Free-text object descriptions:

————————

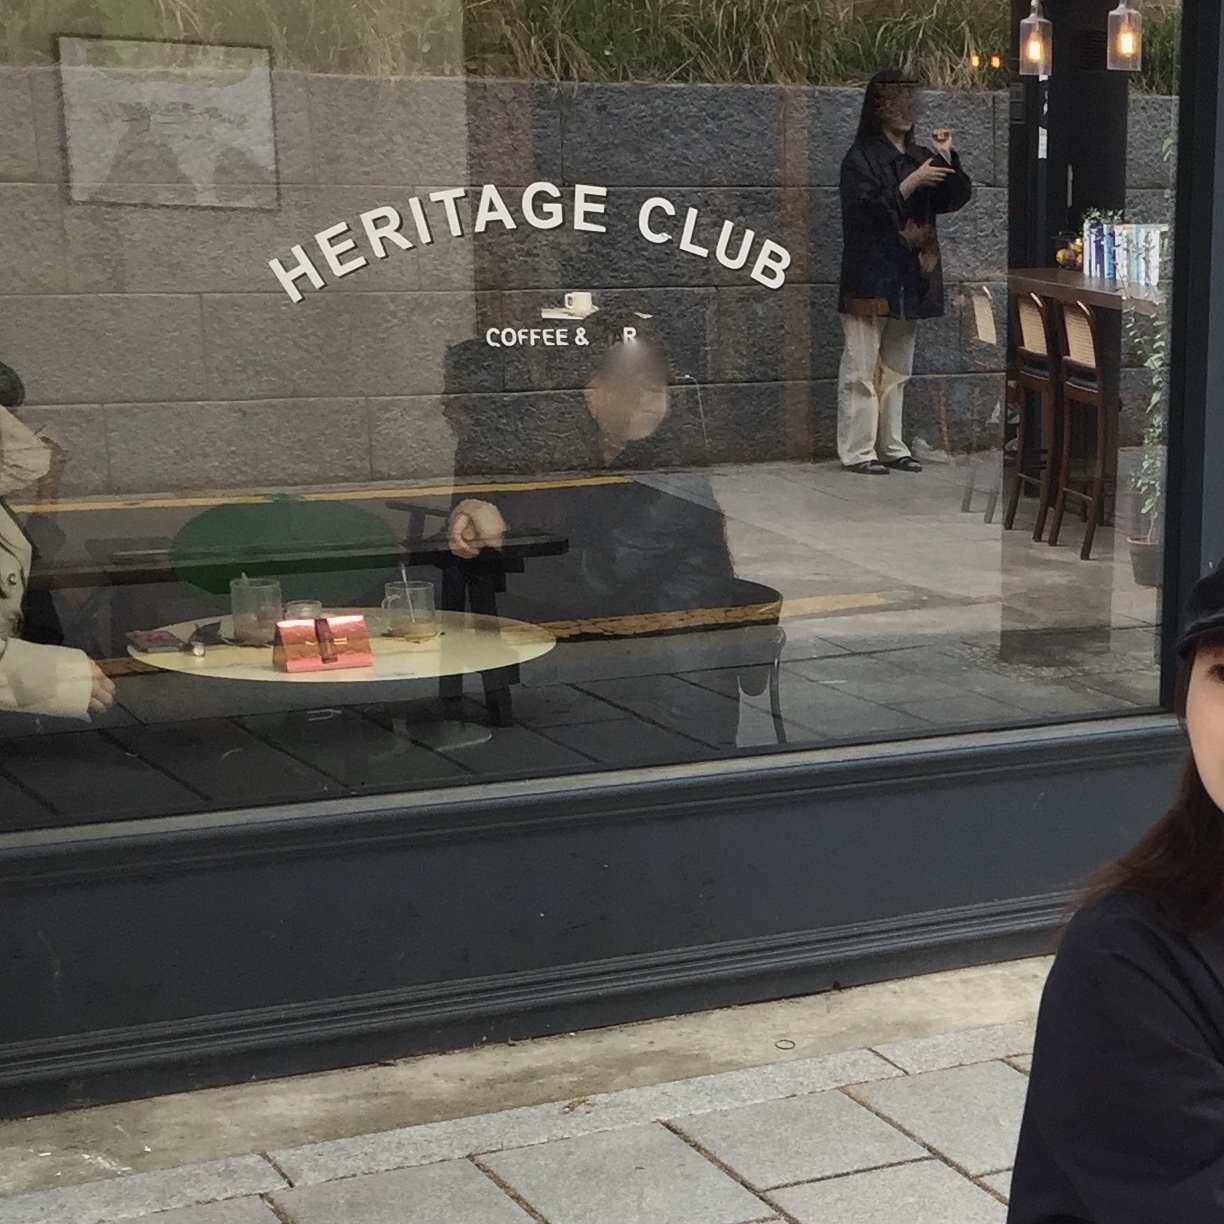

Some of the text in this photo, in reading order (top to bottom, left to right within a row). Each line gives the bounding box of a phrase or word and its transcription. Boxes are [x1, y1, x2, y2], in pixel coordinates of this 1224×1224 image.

[268, 181, 792, 303] HERITAGE CLUB
[485, 327, 569, 348] COFFEE
[574, 326, 590, 346] &
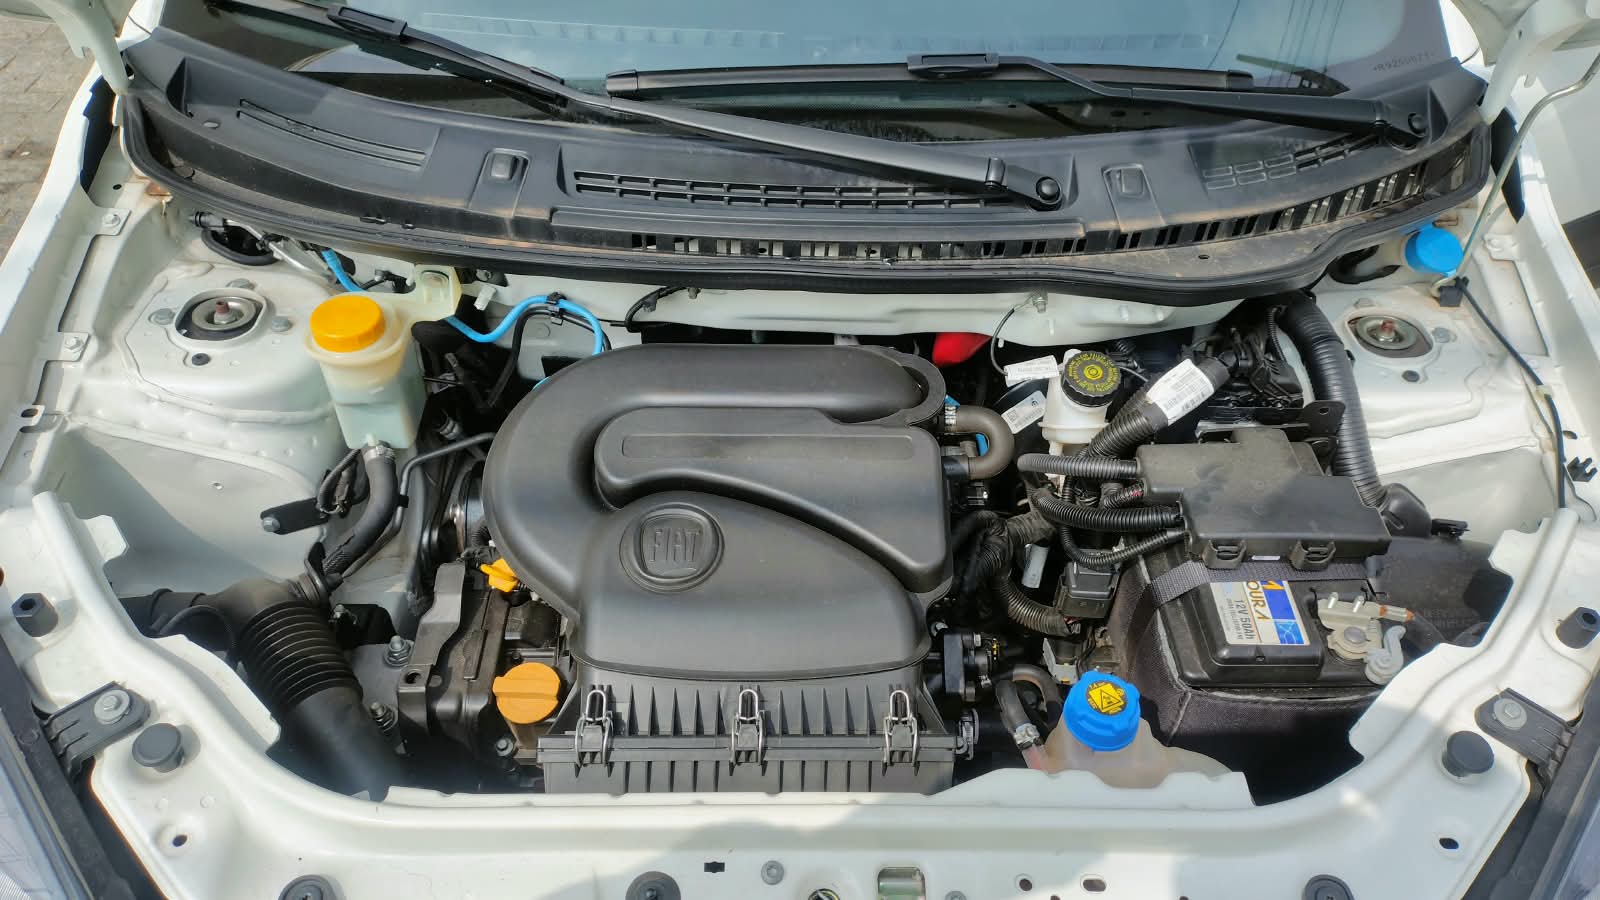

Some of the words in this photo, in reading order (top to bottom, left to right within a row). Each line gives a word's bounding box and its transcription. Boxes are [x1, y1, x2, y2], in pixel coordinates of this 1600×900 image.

[648, 527, 701, 562] FIAT
[1235, 599, 1248, 615] 12V
[1246, 580, 1271, 620] OURA
[1241, 617, 1256, 640] 50Ah
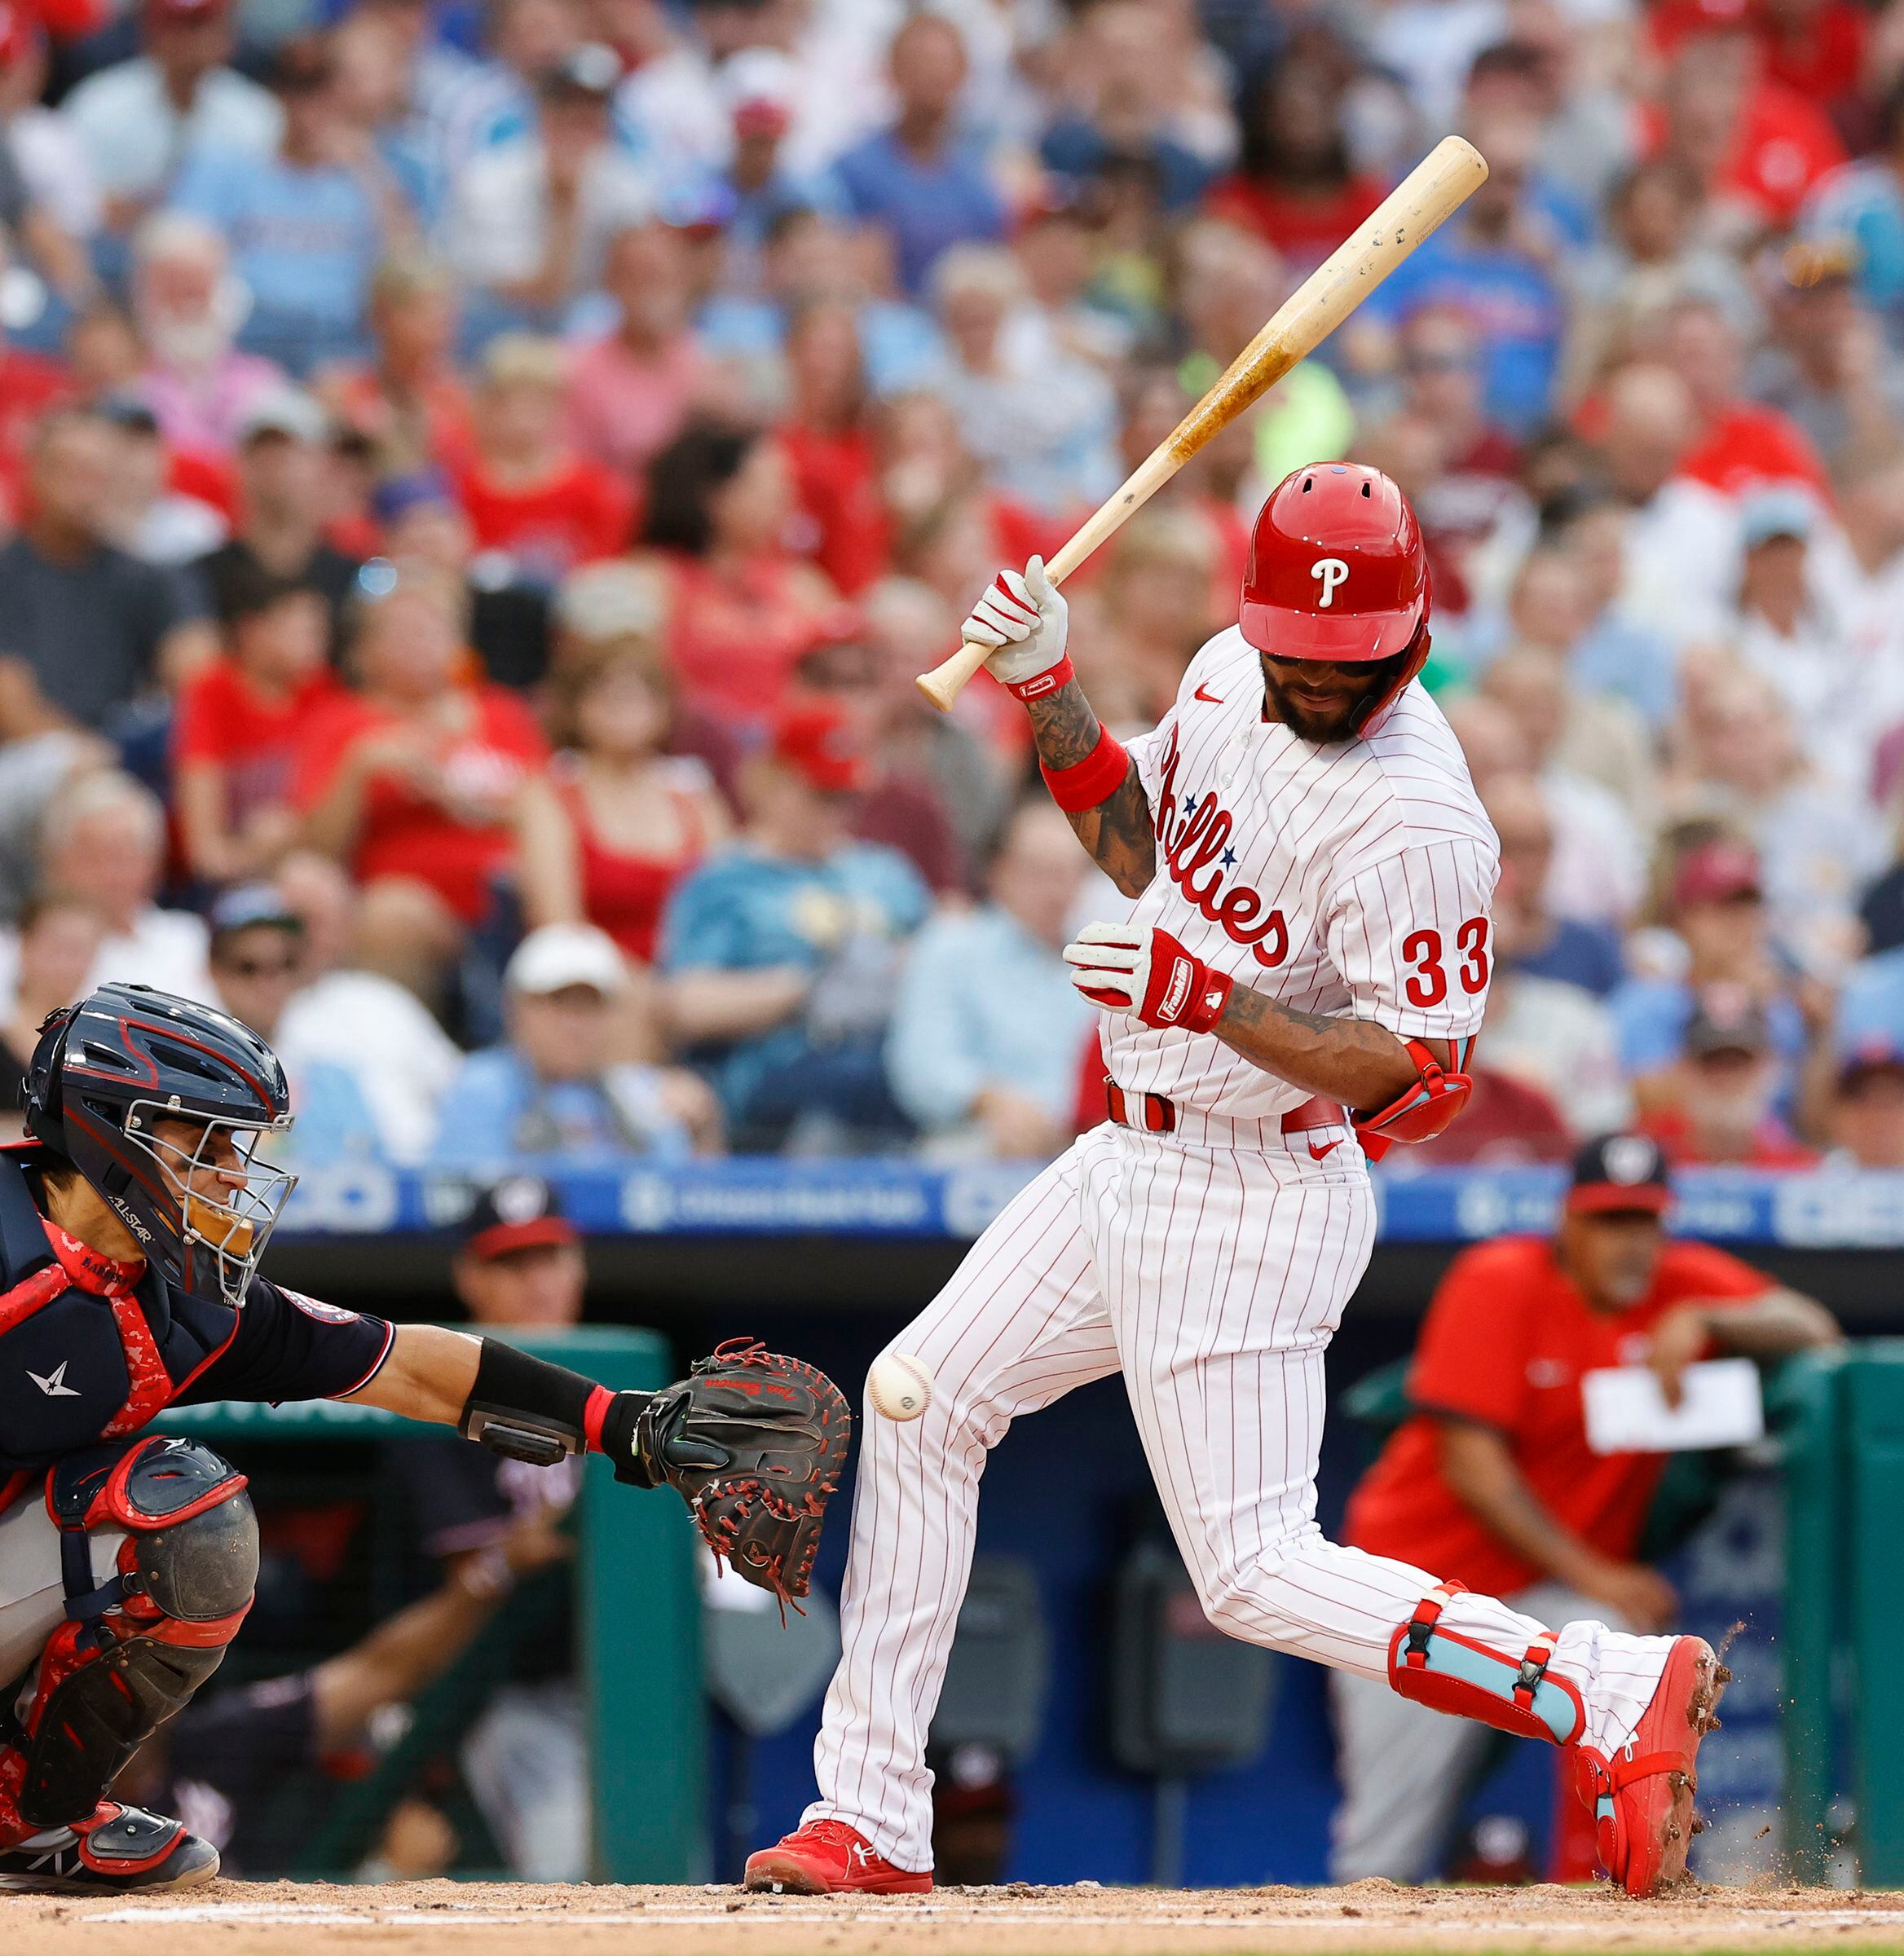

————————

The reply is to be all the records above, transcribed exactly, with no pictures.

#### Written reply:
Some of the text in this photo, in reading order (top to bottom, left to right within a row). Each line gives the bounding box of a phrase or word and its transcription. Boxes are [x1, y1, x2, y2], in pixel coordinates of this 1224×1224 image.

[268, 181, 792, 303] HERITAGE CLUB
[485, 327, 569, 348] COFFEE
[574, 326, 590, 346] &

Some of the words in this photo, in reading order (top to bottom, left to right within a row). Each line gives a word's bounding box and its transcription. Boxes are [x1, y1, x2, y2], in pixel coordinates of this 1600×900 image.

[648, 527, 701, 562] FIAT
[1235, 599, 1248, 615] 12V
[1246, 580, 1271, 620] OURA
[1241, 617, 1256, 640] 50Ah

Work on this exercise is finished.